If a line in the records below contains the word "geht", copy it.

___ THE DATA

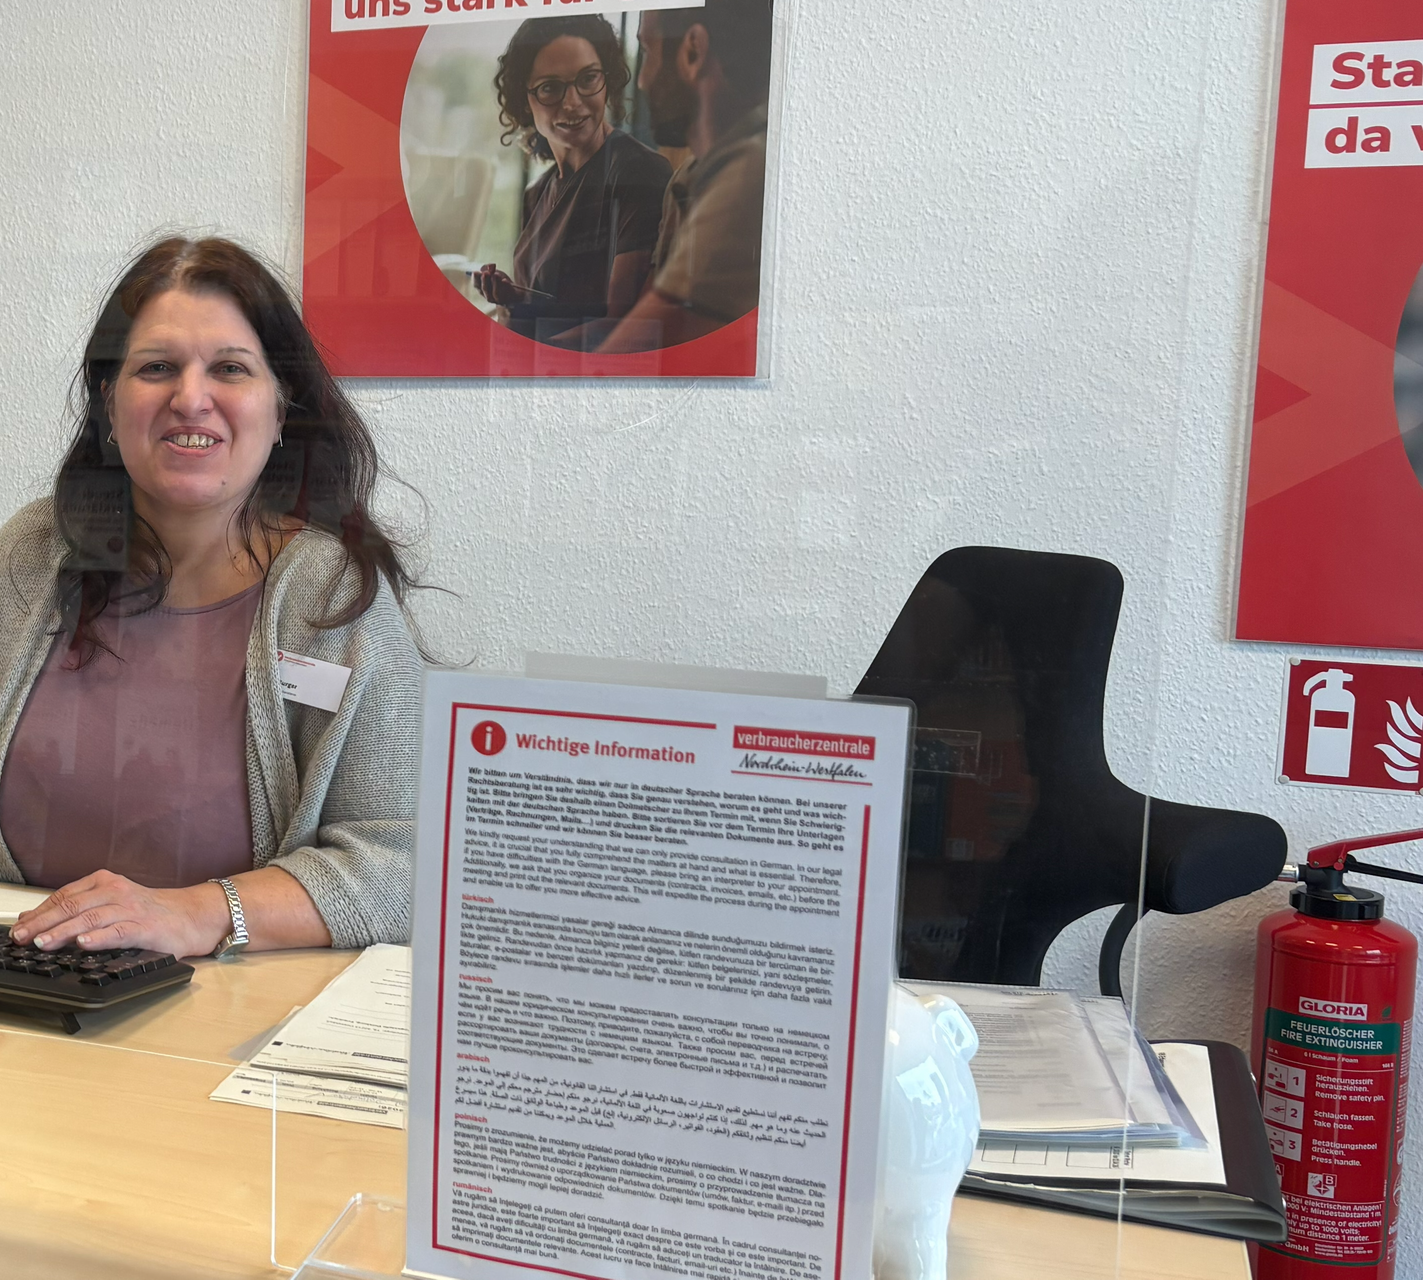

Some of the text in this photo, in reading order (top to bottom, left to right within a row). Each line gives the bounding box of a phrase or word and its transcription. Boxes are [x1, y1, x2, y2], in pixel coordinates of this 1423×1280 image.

[1330, 51, 1423, 90] Sta
[1324, 116, 1392, 154] da
[516, 733, 695, 763] Wichtige Information
[736, 730, 871, 757] verbraucherzentrale
[640, 784, 847, 810] deutscher Sprache beraten können. Bei unserer
[673, 798, 717, 808] verstehen,
[719, 802, 748, 810] worum
[762, 806, 782, 814] geht
[783, 808, 801, 816] und
[802, 810, 820, 818] was
[709, 809, 738, 820] Termin
[758, 816, 781, 824] wenn
[783, 817, 797, 826] Sie
[653, 816, 691, 825] sortieren
[692, 818, 706, 827] Sie
[724, 822, 743, 830] dem
[746, 823, 775, 834] Termin
[777, 827, 794, 836] Ihre
[796, 829, 844, 841] Unterlagen
[664, 826, 677, 834] die
[679, 828, 723, 838] relevanten
[725, 831, 774, 844] Dokumente
[776, 838, 794, 846] aus.
[797, 839, 809, 847] So
[811, 841, 831, 850] geht
[1300, 1000, 1365, 1017] GLORIA
[1290, 1020, 1375, 1039] FEUERLÖSCHER
[1280, 1029, 1383, 1050] FIRE EXTINGUISHER
[1312, 1053, 1336, 1061] Schaum
[1292, 1076, 1299, 1086] 1
[1315, 1074, 1373, 1085] Sicherungsstift
[1315, 1081, 1369, 1092] herausziehen.
[1315, 1091, 1385, 1102] Remove safety pin.
[454, 1112, 487, 1123] polnisch
[1290, 1108, 1297, 1118] 2
[1314, 1110, 1375, 1121] Schlauch fassen.
[1313, 1119, 1354, 1130] Take hose.
[1288, 1140, 1296, 1150] 3
[1312, 1139, 1377, 1150] Betätigungshebel
[1311, 1145, 1346, 1156] drücken.
[1311, 1155, 1362, 1166] Press handle.
[1325, 1175, 1334, 1185] B
[1290, 1195, 1382, 1211] bei elektrischen Anlagen!
[1286, 1202, 1300, 1210] 000
[1310, 1207, 1370, 1218] Mindestabstand
[1286, 1219, 1298, 1228] nly
[1299, 1222, 1309, 1231] up
[1300, 1214, 1336, 1226] presence
[1306, 1231, 1340, 1241] distance
[1284, 1242, 1310, 1252] GmbH

______

**OUTPUT**:
[762, 806, 782, 814] geht
[811, 841, 831, 850] geht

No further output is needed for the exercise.